Definition 3.2 (Symplecticity of a linear map) A linear map, \(A\colon\mathbb R^{2d} \to \mathbb R^{2d}\) written via its matrix \(A\in \mathbb R^{2d\times 2d}\) is symplectic, if
\[ A^TJA = J. \]A geometrical interpretation (and also a valid definition) is that a symplectic linear map \(A\) preserves areas and there orientations. For \(d=1\), i.e. for \(2D\) vectors this means that \(A\) preserves that area that is spanned by two vectors (and its orientation). For \(d>1\) one considers the areas that are spanned by the vectors projected into the respective coordinate planes.
Examples:
- (anisotropic) scaling with area preservation: \(A(\alpha) = \begin{bmatrix} \alpha & 0 \\ 0 & 1/\alpha \end{bmatrix}\)
- Rotations: \(R(\theta )=\begin{bmatrix} \cos\theta & -\sin \theta \\ \sin\theta & \cos\theta\end{bmatrix}\)
- all concatenations \(R(\theta_2)A(\alpha_2)R(\theta_1)A(\alpha_1)\) of such operations
For a Hamiltonian system \[ \dot y = J^{-1}\nabla H(y) \] with \(y=(p,q)\) we have the following theorem.
The converse direction goes as follows:
The flow of a Hamiltonian system is symplectic.
If a flow of system is symplectic for
t
sufficiently small, then the system is (locally) Hamiltonian.

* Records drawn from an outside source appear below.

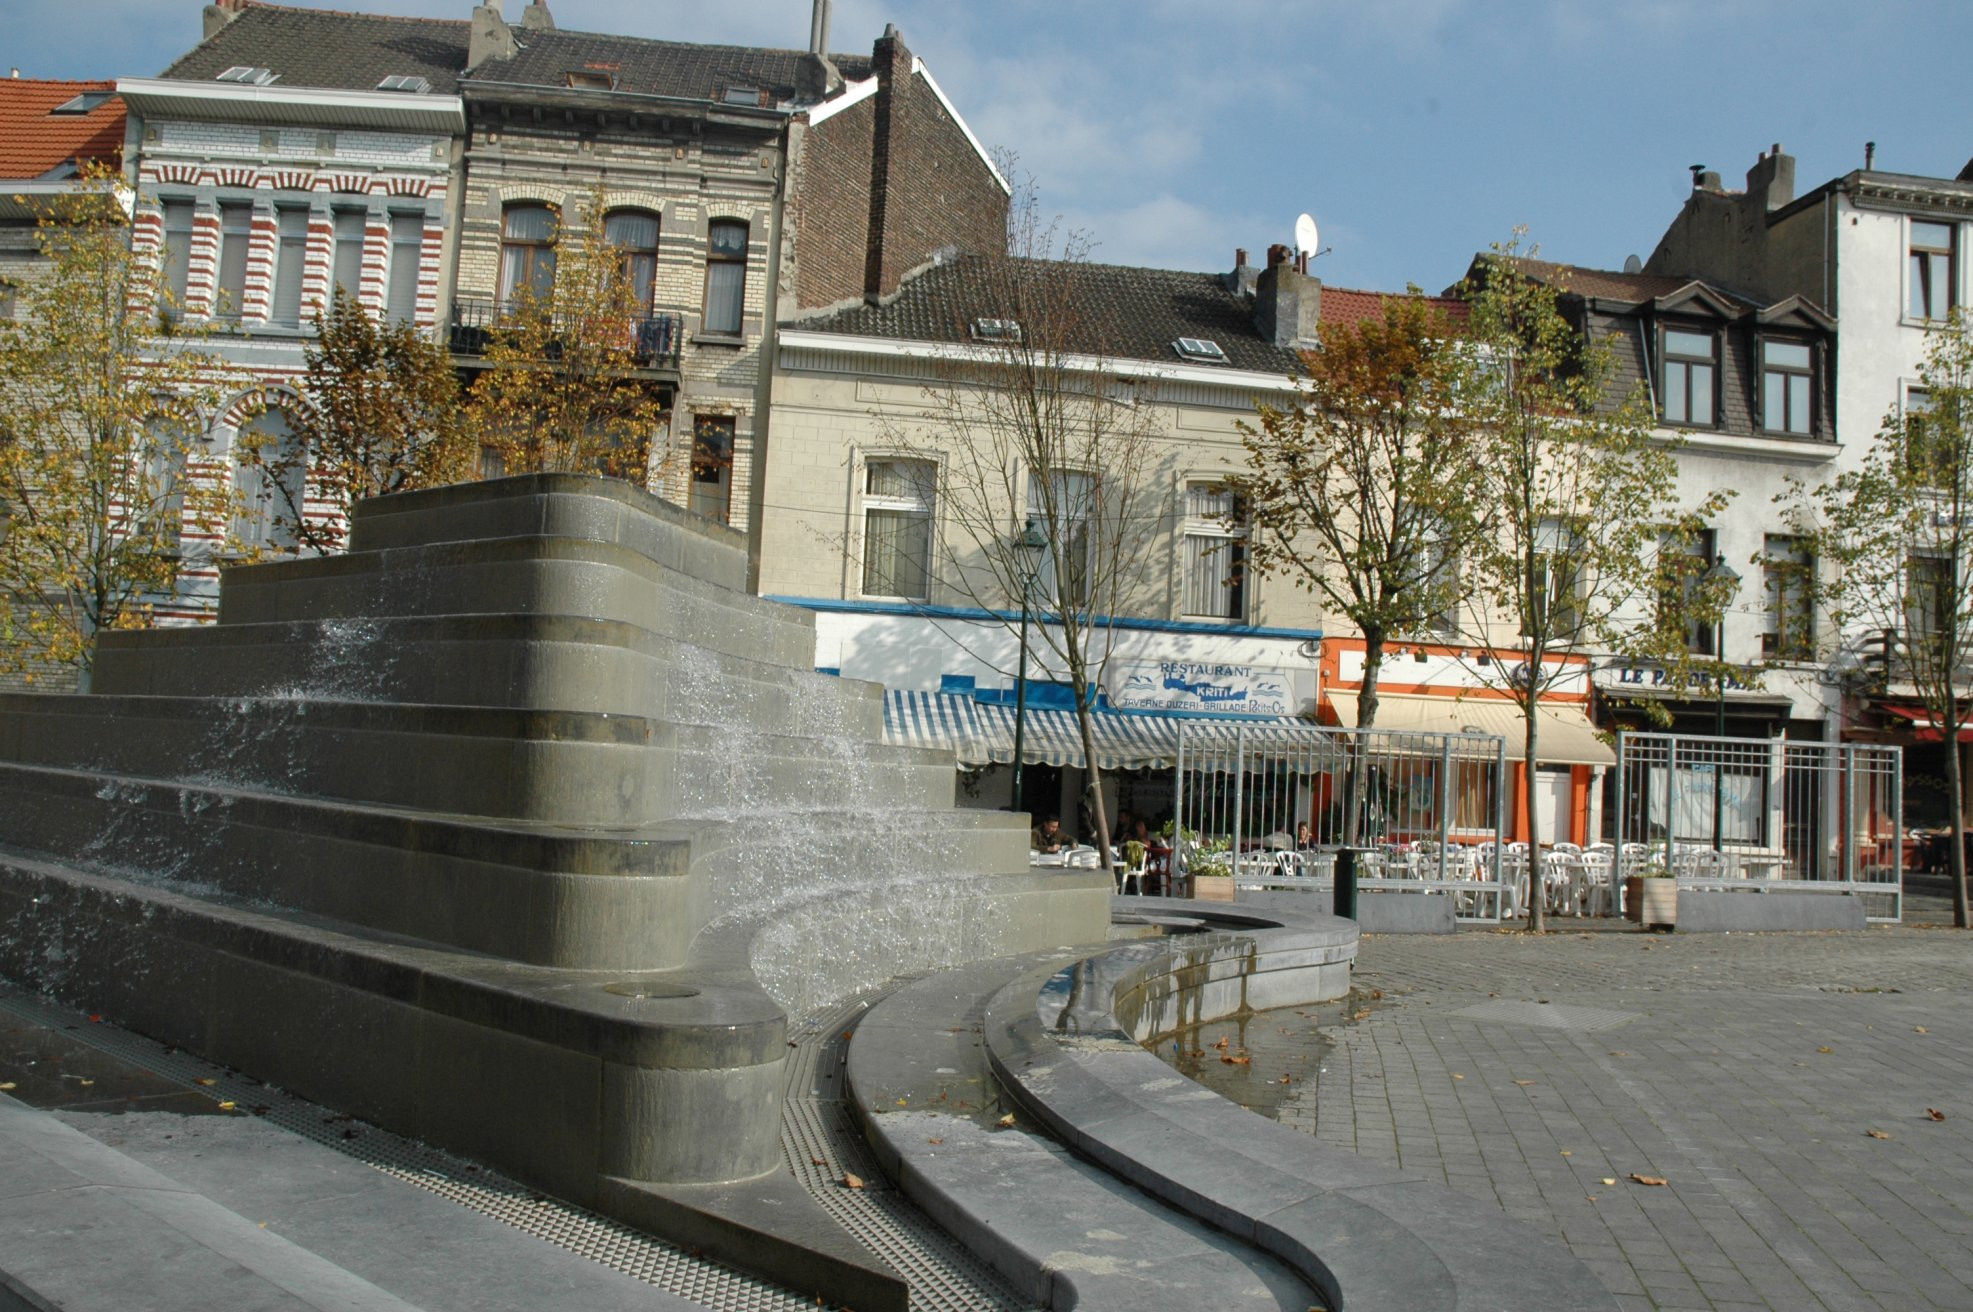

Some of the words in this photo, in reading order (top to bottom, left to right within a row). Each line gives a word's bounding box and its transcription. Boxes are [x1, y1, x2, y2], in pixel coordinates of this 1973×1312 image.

[1160, 662, 1252, 678] RESTAURANT
[1619, 667, 1644, 685] LE
[1196, 687, 1228, 698] KRITI
[1123, 697, 1164, 708] TAVERNE
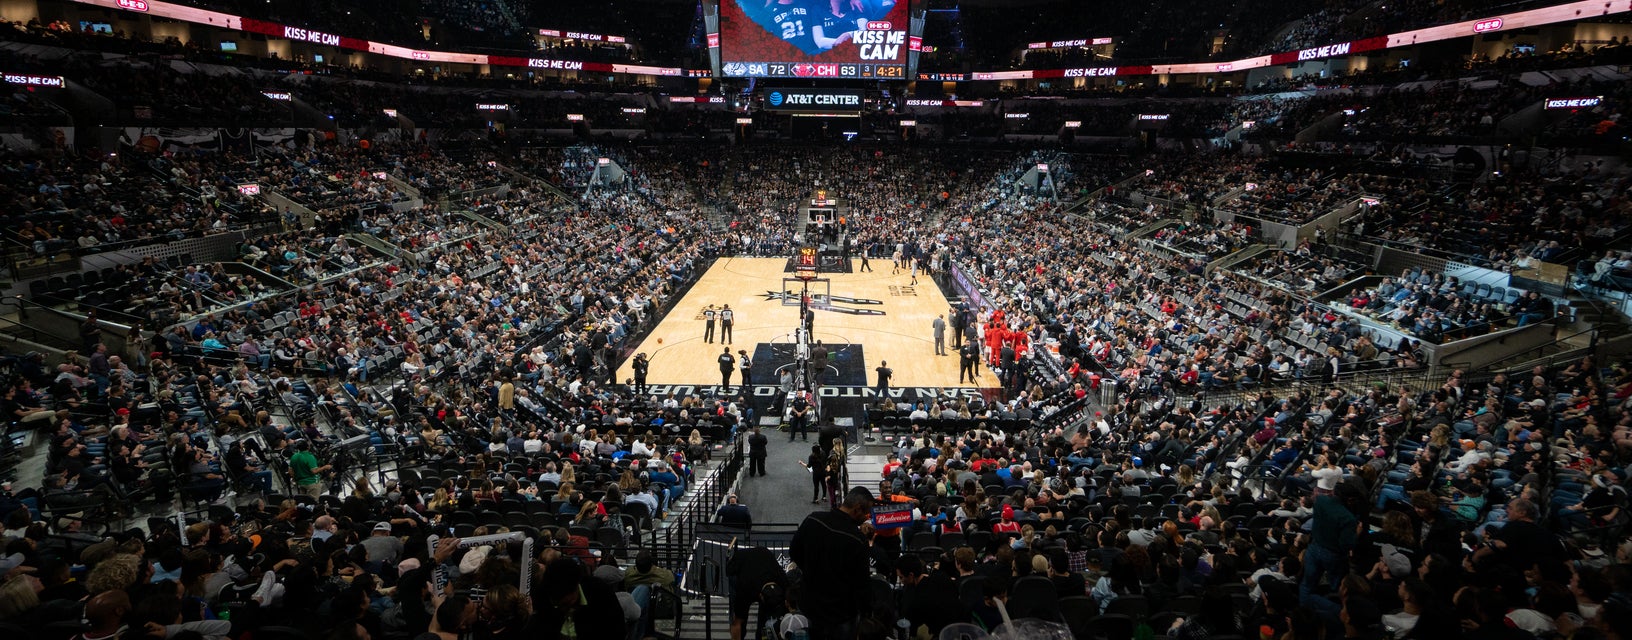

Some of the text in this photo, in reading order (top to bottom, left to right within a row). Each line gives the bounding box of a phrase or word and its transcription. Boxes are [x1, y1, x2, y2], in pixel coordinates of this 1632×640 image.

[781, 20, 805, 39] 21
[285, 26, 340, 46] KISS ME CAM
[853, 31, 884, 44] KISS
[886, 31, 906, 45] ME
[860, 44, 899, 60] CAM
[1298, 42, 1350, 60] KISS ME CAM
[528, 58, 582, 70] KISS ME CAM
[749, 65, 764, 74] SA
[771, 65, 785, 75] 72
[817, 65, 836, 76] CHI
[841, 65, 856, 76] 63
[877, 66, 903, 77] 4:21
[1064, 67, 1116, 77] KISS ME CAM
[5, 75, 60, 85] KISS ME CAM
[785, 94, 859, 105] AT&T CENTER
[1548, 98, 1598, 107] KISS ME CAM
[804, 255, 814, 264] 14
[878, 514, 910, 523] Budweiser
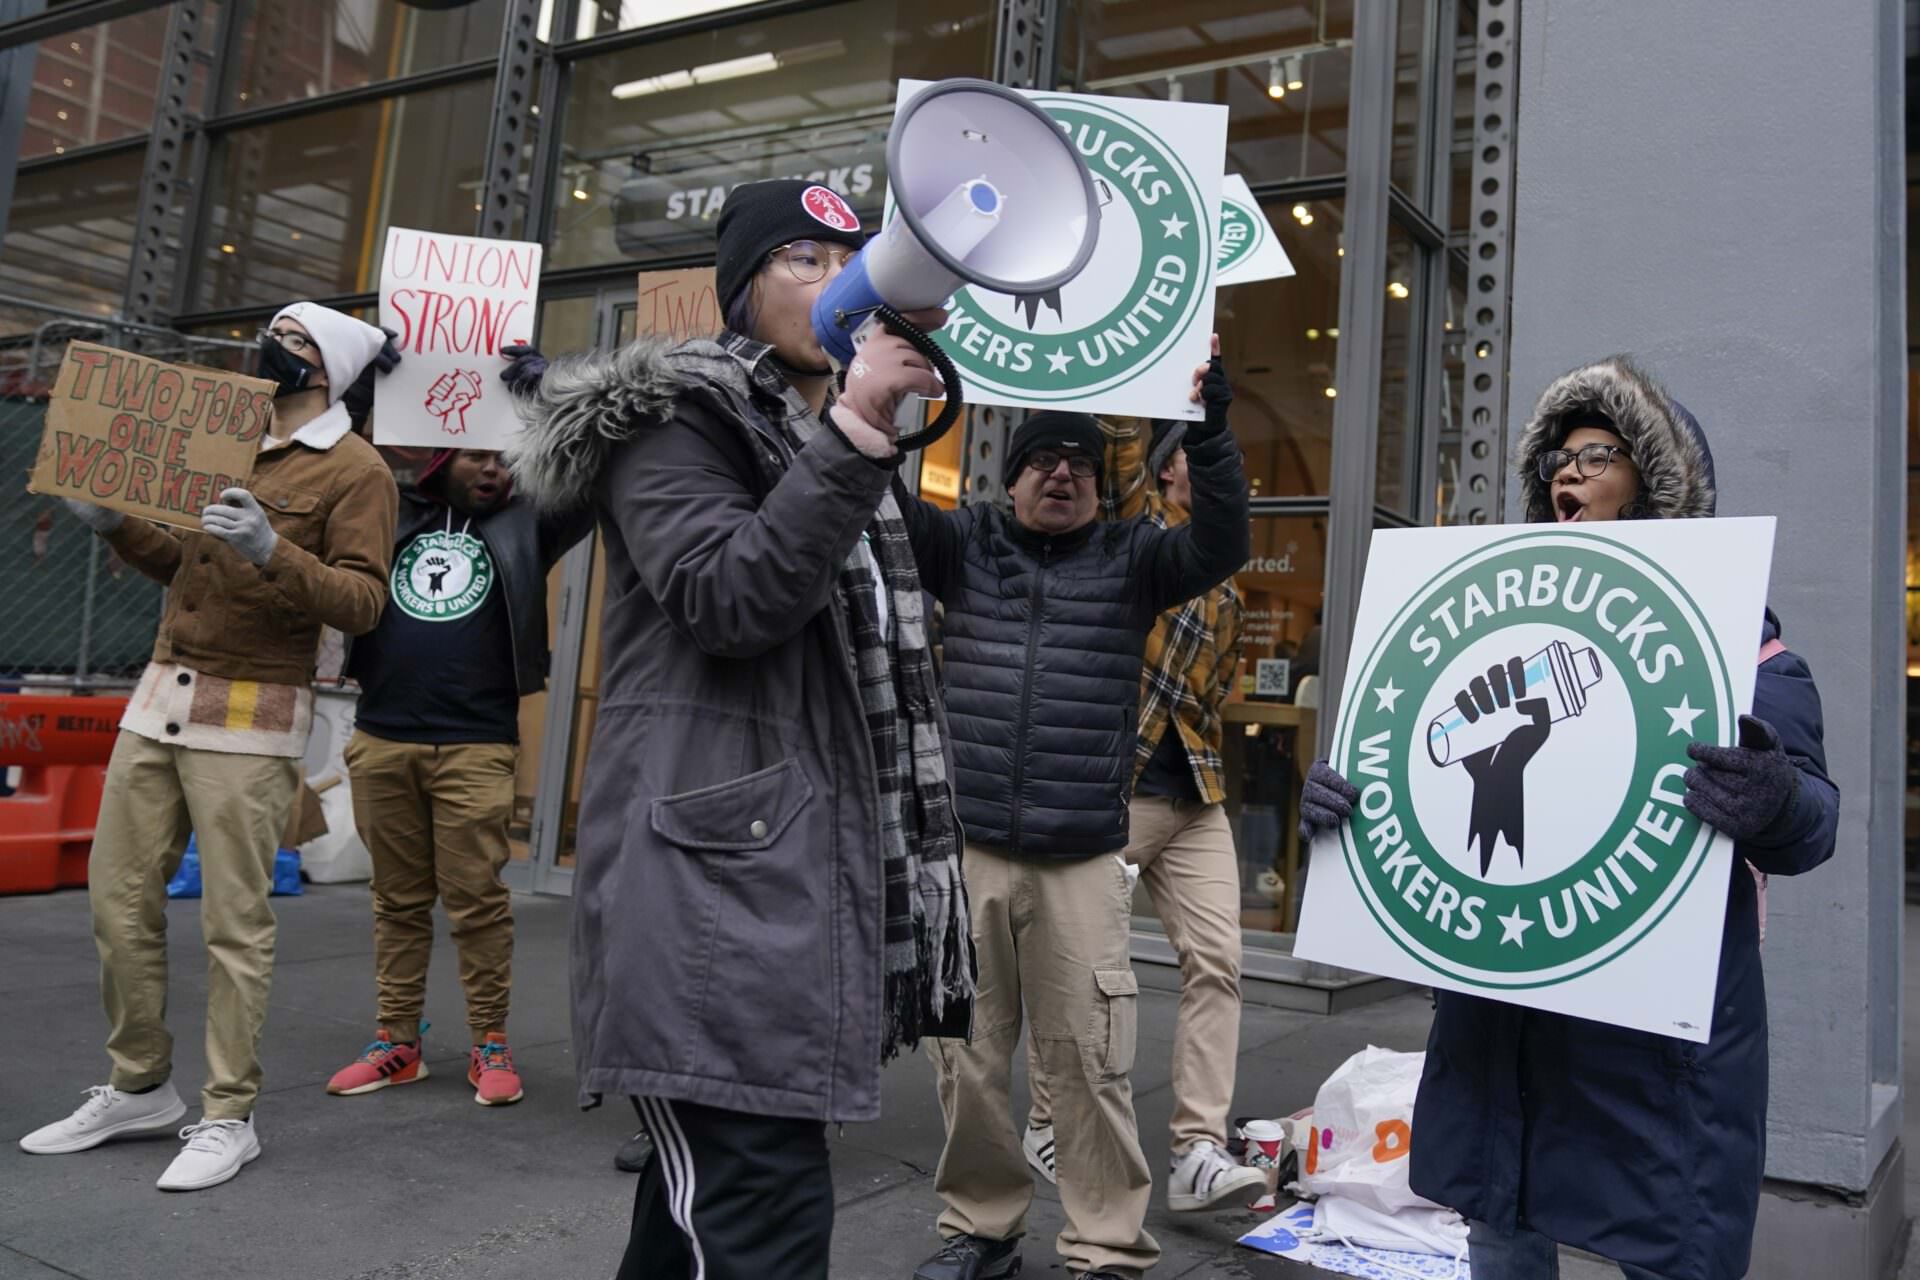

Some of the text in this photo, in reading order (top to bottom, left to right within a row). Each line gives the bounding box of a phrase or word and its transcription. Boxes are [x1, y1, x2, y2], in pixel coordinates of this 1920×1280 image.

[666, 164, 873, 219] STAKS
[391, 234, 533, 290] UNION
[390, 289, 528, 361] STRONG
[642, 280, 716, 341] TWO
[1077, 254, 1186, 367] UNITED
[71, 348, 269, 441] TWO JOBS
[56, 431, 247, 517] WORKER
[108, 413, 192, 468] ONE
[397, 568, 487, 614] WORKERS UNITED
[1409, 563, 1684, 684] STARBUCKS
[1357, 729, 1689, 941] WORKERS UNITED

These observations motivate the use of symplectic time discretization schemes. For these schemes, if applied to a Hamiltonian system, it holds that the (discrete) flow is symplectic, i.e. this structure is preserved. This means that the discrete system can be seen as a discrete representation of a (locally) Hamiltonian system.